Saved entries:
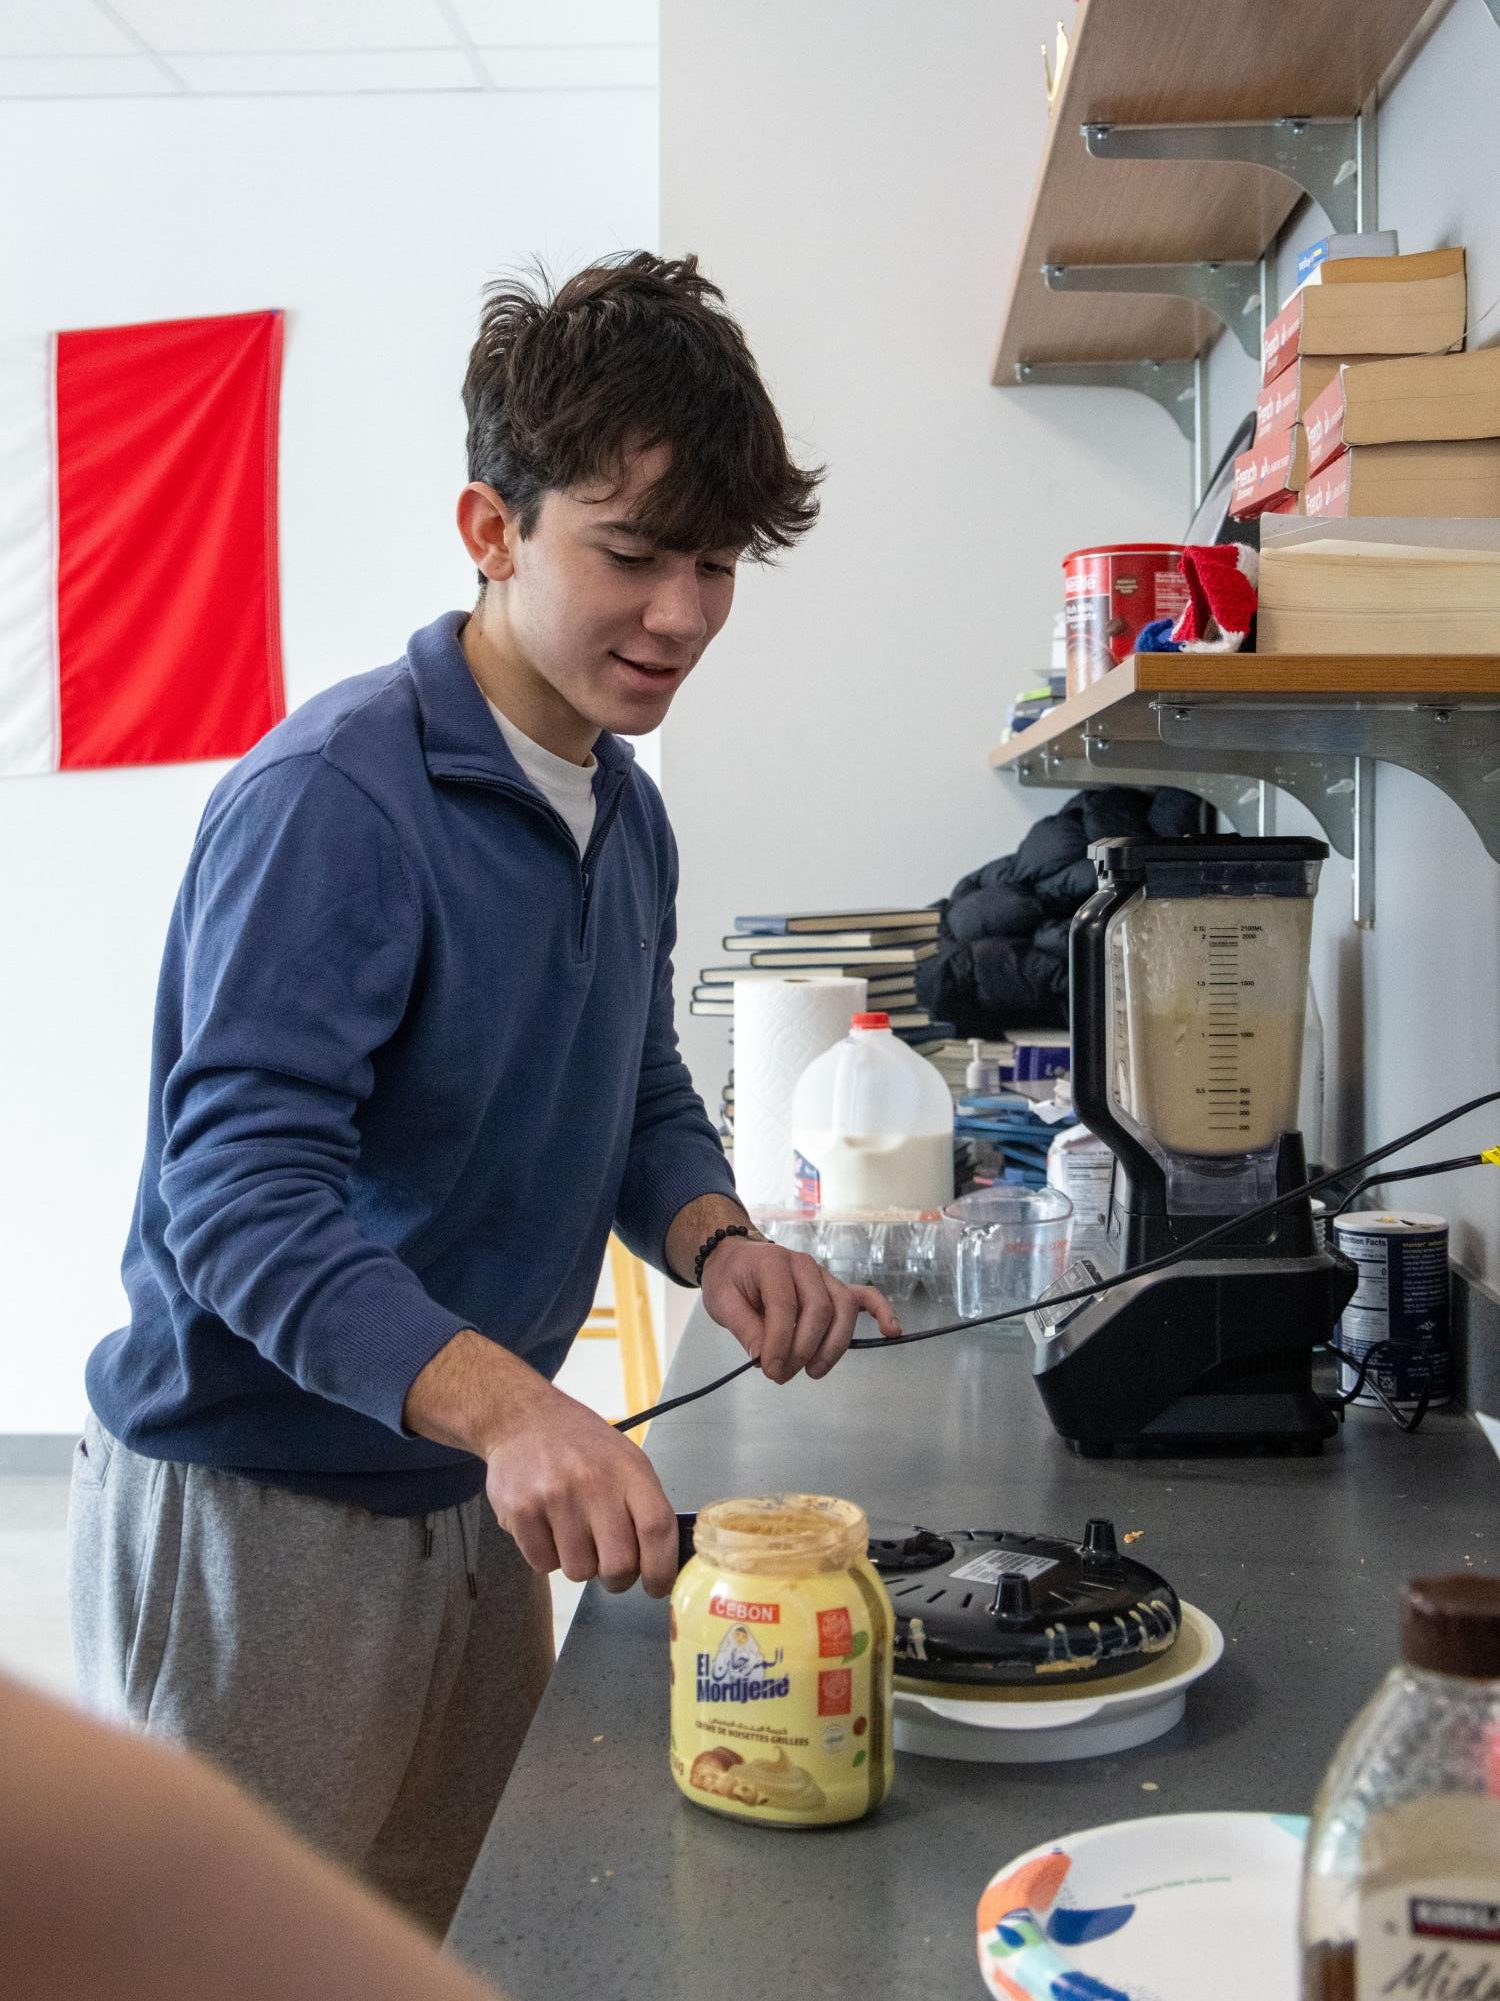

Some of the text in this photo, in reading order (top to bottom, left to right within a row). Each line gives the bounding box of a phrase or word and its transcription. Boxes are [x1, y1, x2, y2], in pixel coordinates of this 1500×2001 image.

[1235, 461, 1257, 490] French
[1366, 1237, 1387, 1247] Facts
[715, 1600, 774, 1621] CEBON
[696, 1653, 710, 1677] El
[717, 1726, 727, 1737] DE
[728, 1728, 769, 1743] NOISETTES
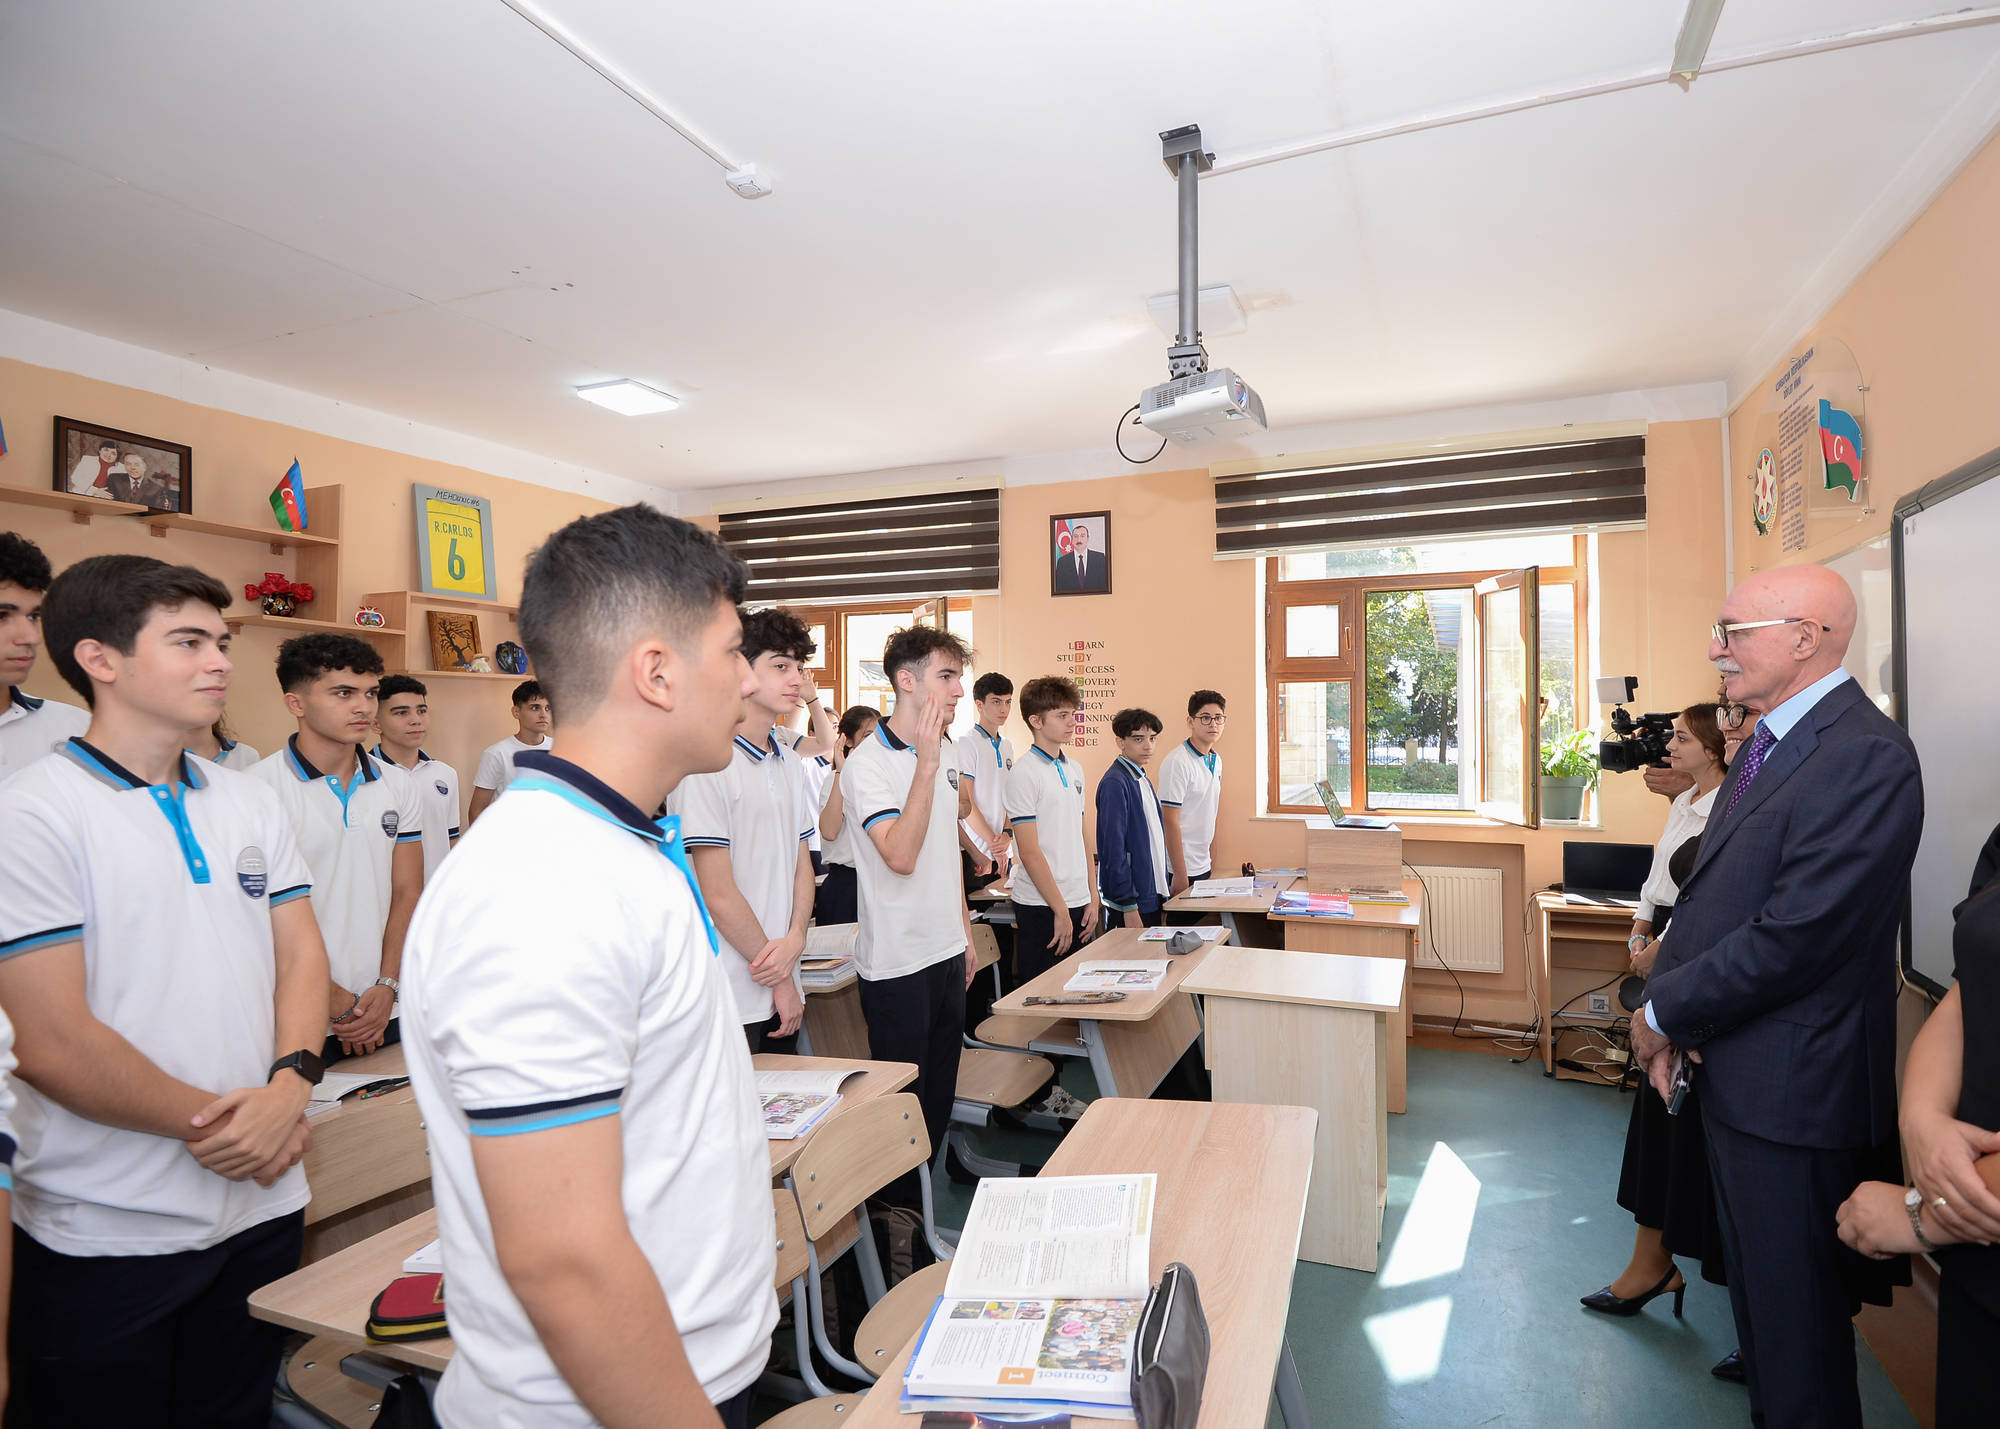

Action item:
When you output the entries, keep each line exactly as it is and leave out any pictures.

Solution to this exercise:
Some of the text in this photo, in reading order (top to bottom, left to right within a row). Each line gives the bounding box of a phrase or word and its transcription. Boxes are [x1, y1, x2, y2], in pixel coordinates of this 1500×2001 image.

[1235, 461, 1257, 490] French
[1366, 1237, 1387, 1247] Facts
[715, 1600, 774, 1621] CEBON
[696, 1653, 710, 1677] El
[717, 1726, 727, 1737] DE
[728, 1728, 769, 1743] NOISETTES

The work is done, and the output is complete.